SUPPLIED ENTRIES:
++++

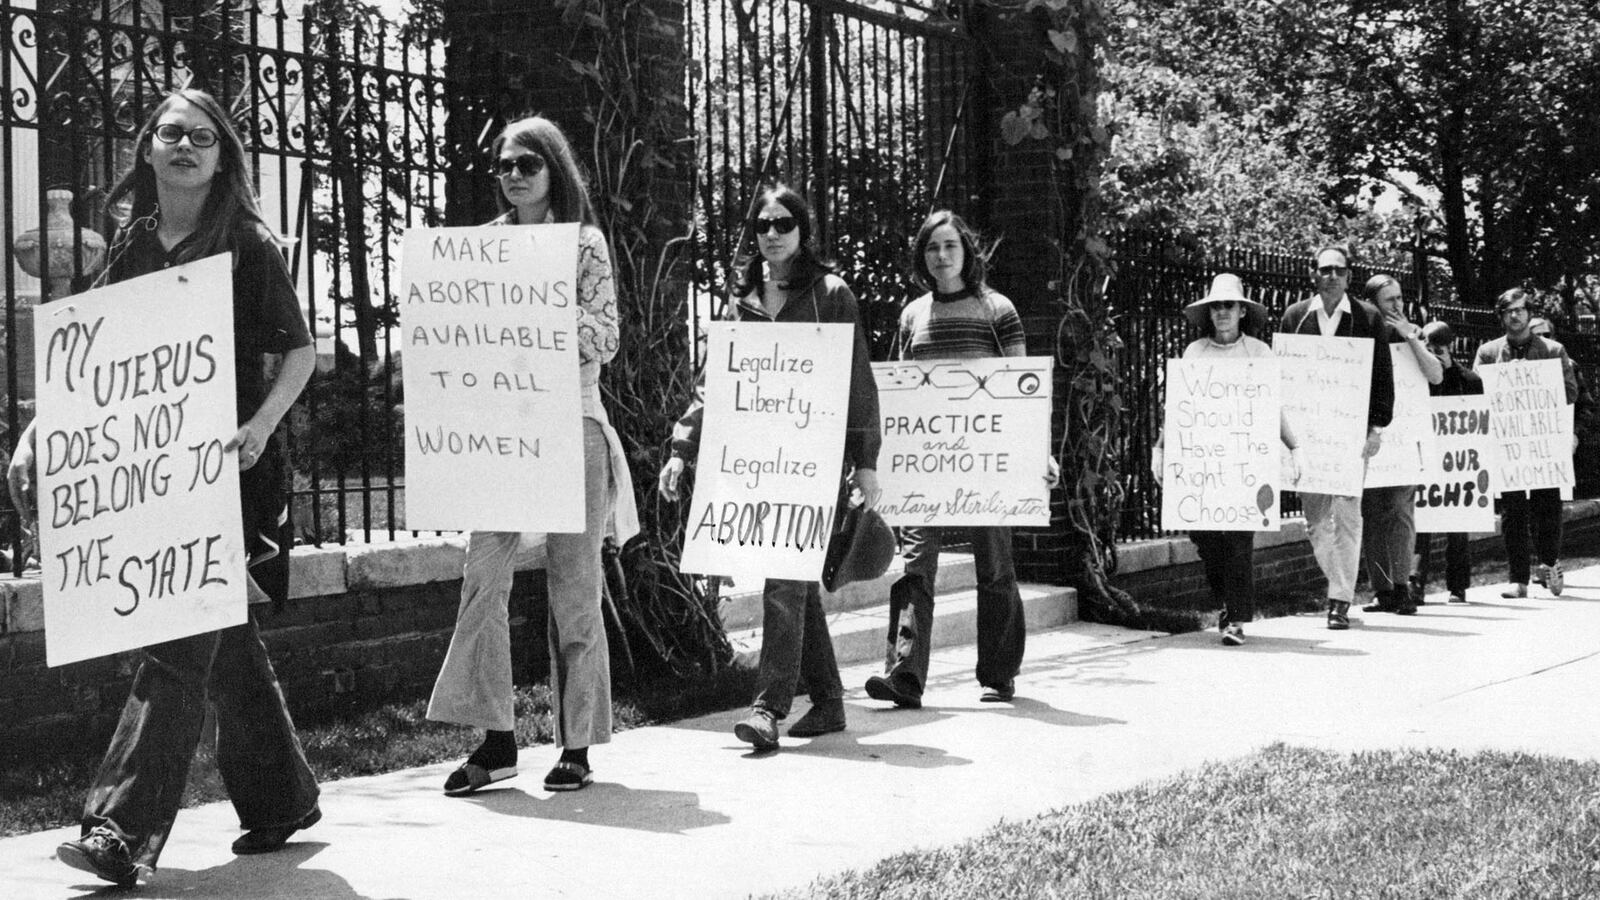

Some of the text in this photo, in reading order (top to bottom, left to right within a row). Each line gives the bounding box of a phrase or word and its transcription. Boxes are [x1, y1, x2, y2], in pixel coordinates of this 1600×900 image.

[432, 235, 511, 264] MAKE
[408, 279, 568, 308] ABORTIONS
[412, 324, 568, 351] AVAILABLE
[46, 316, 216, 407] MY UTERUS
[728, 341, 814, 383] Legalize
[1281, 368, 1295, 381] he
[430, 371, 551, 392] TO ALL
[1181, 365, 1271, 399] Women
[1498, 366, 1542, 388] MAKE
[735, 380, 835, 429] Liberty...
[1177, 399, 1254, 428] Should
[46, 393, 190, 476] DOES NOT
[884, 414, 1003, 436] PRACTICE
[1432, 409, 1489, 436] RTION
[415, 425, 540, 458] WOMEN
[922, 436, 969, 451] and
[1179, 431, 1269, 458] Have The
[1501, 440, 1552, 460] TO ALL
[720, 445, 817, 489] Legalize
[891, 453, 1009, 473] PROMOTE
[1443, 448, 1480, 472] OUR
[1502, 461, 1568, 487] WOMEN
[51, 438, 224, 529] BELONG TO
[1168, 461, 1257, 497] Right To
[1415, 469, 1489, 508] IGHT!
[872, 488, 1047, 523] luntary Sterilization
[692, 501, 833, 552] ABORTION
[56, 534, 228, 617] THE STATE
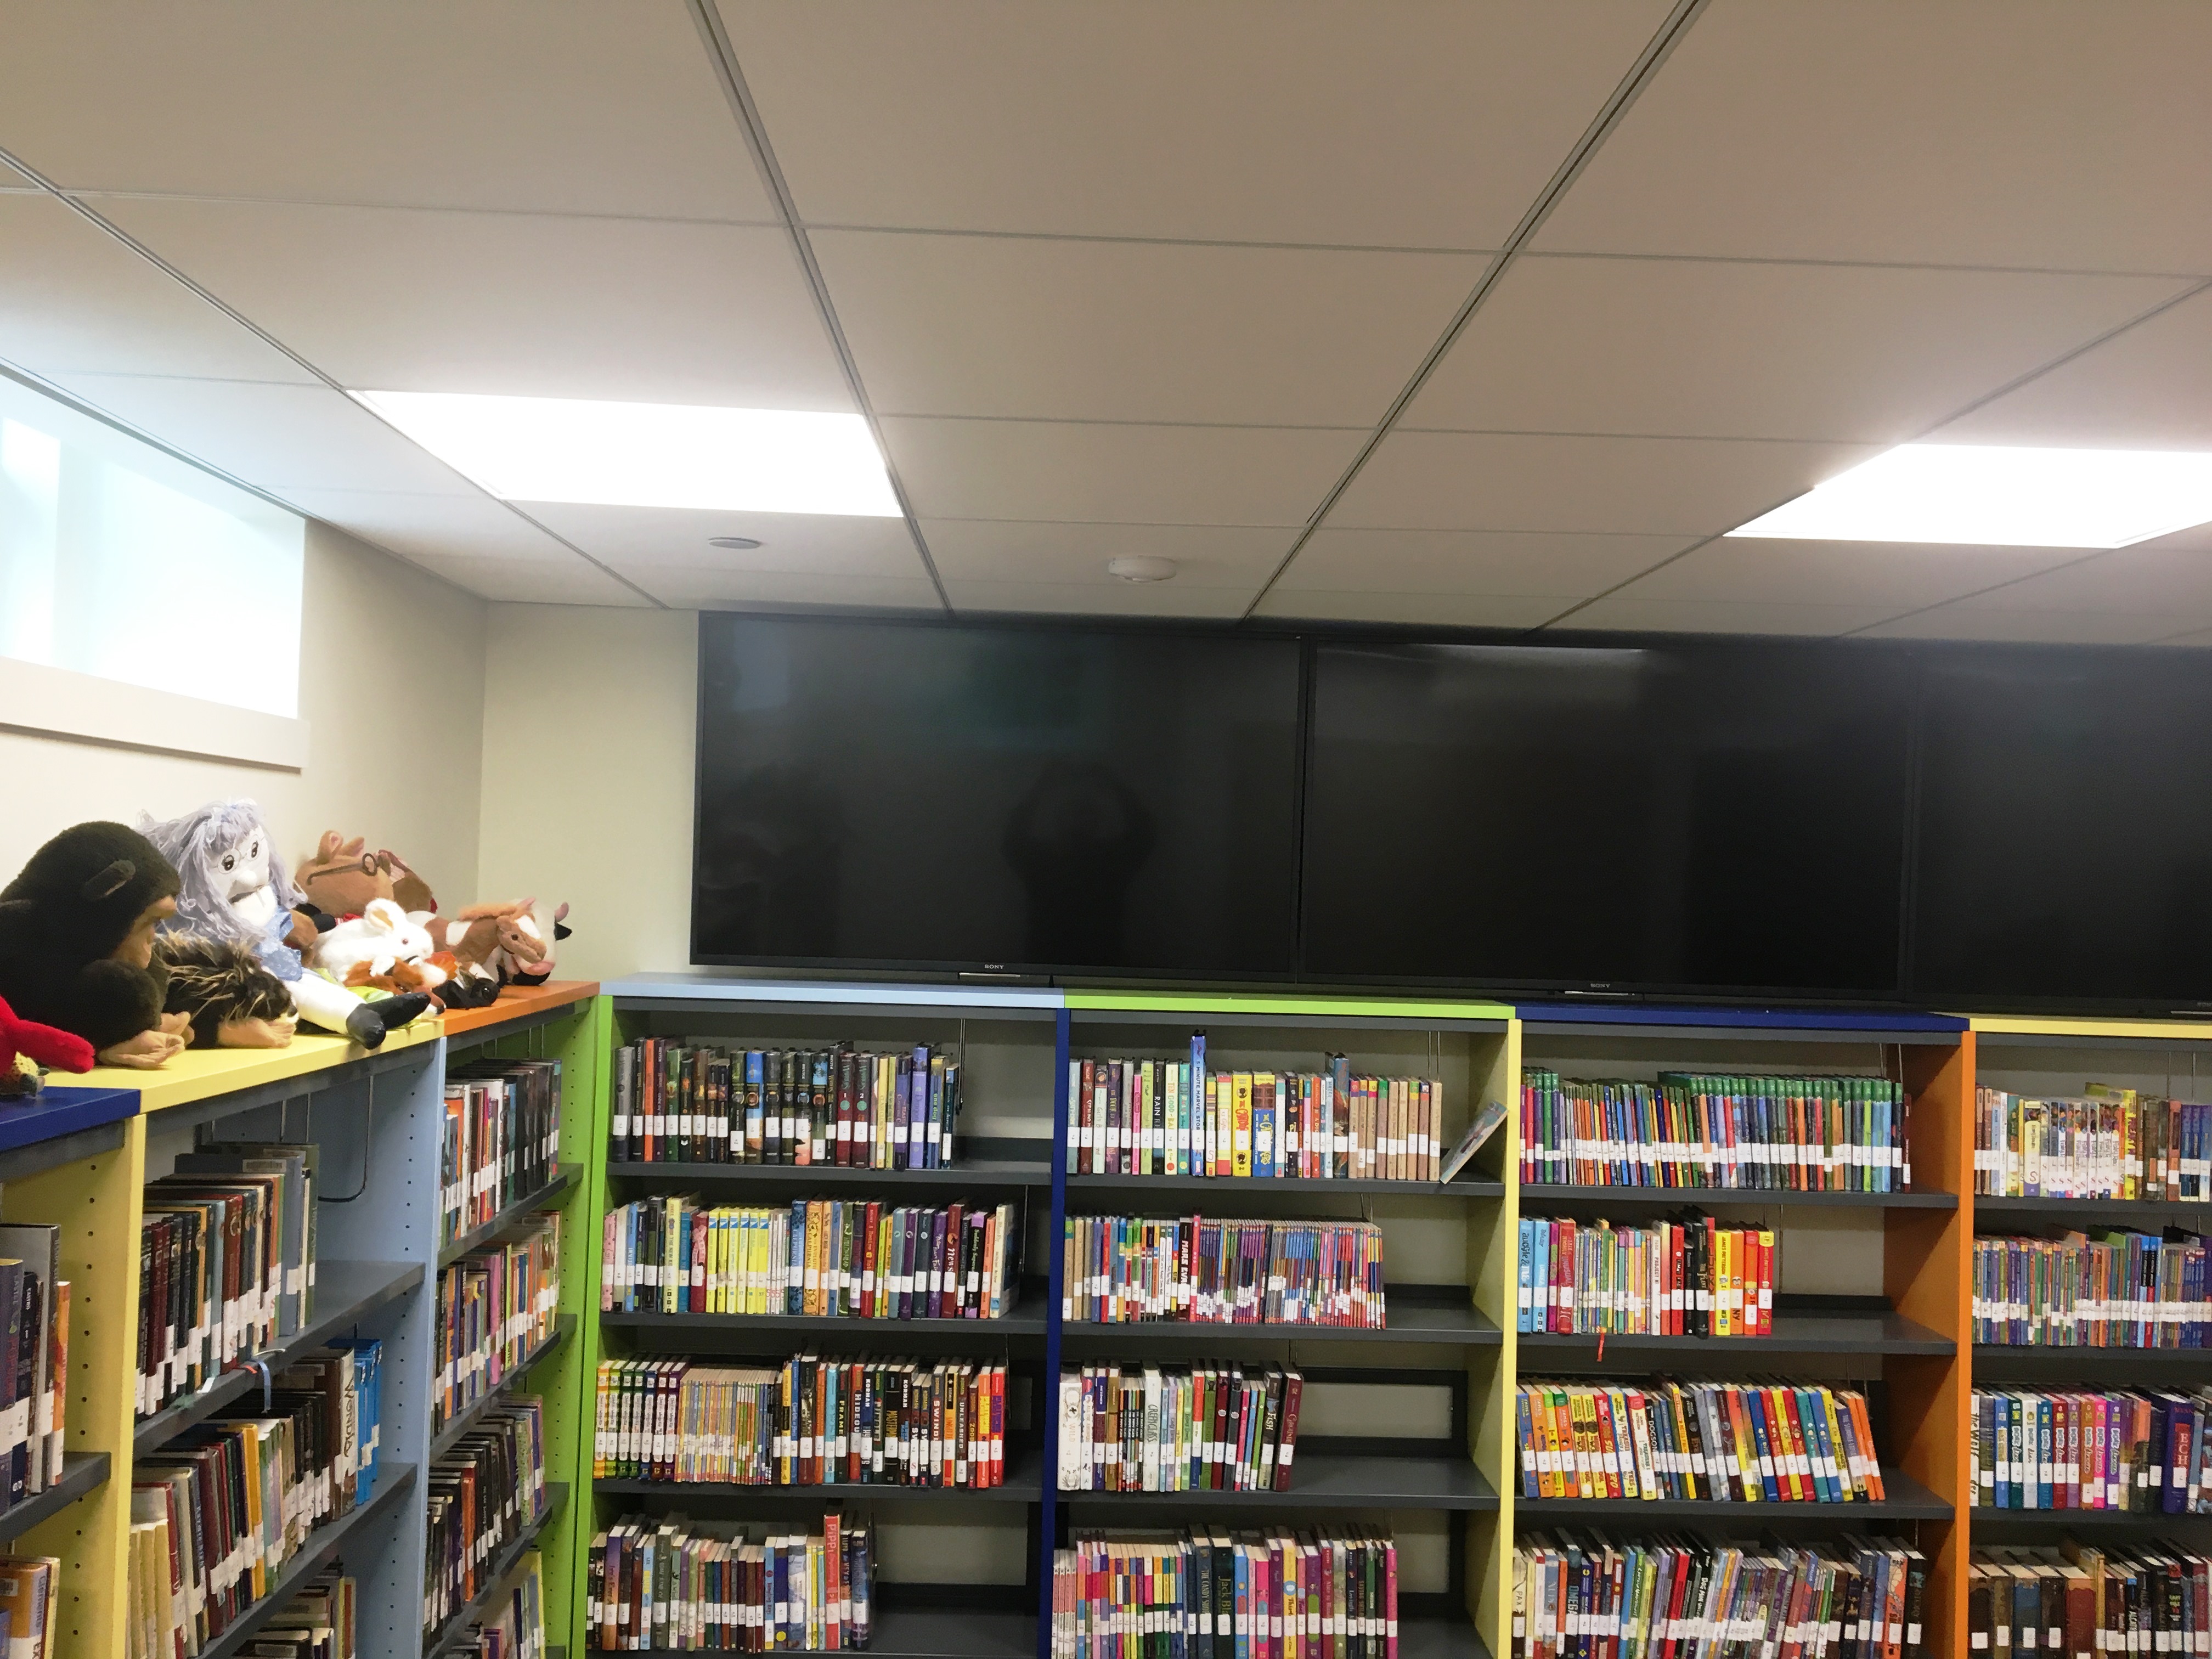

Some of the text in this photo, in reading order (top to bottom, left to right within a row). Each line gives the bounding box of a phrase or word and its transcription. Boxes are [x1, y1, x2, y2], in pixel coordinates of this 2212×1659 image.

++++

EXERCISE OBJECTIVE:
Repeat the material verbatim. Do not carry over any picture.

EXPECTED OUTPUT:
Some of the text in this photo, in reading order (top to bottom, left to right within a row). Each line gives the bounding box of a phrase or word and its transcription. Boxes are [x1, y1, x2, y2], in pixel coordinates of this 1600×900 image.

[432, 235, 511, 264] MAKE
[408, 279, 568, 308] ABORTIONS
[412, 324, 568, 351] AVAILABLE
[46, 316, 216, 407] MY UTERUS
[728, 341, 814, 383] Legalize
[1281, 368, 1295, 381] he
[430, 371, 551, 392] TO ALL
[1181, 365, 1271, 399] Women
[1498, 366, 1542, 388] MAKE
[735, 380, 835, 429] Liberty...
[1177, 399, 1254, 428] Should
[46, 393, 190, 476] DOES NOT
[884, 414, 1003, 436] PRACTICE
[1432, 409, 1489, 436] RTION
[415, 425, 540, 458] WOMEN
[922, 436, 969, 451] and
[1179, 431, 1269, 458] Have The
[1501, 440, 1552, 460] TO ALL
[720, 445, 817, 489] Legalize
[891, 453, 1009, 473] PROMOTE
[1443, 448, 1480, 472] OUR
[1502, 461, 1568, 487] WOMEN
[51, 438, 224, 529] BELONG TO
[1168, 461, 1257, 497] Right To
[1415, 469, 1489, 508] IGHT!
[872, 488, 1047, 523] luntary Sterilization
[692, 501, 833, 552] ABORTION
[56, 534, 228, 617] THE STATE

Some of the text in this photo, in reading order (top to bottom, left to right within a row). Each line gives the bounding box of a phrase or word and its transcription. Boxes are [x1, y1, x2, y2], in pixel coordinates of this 2212×1659 image.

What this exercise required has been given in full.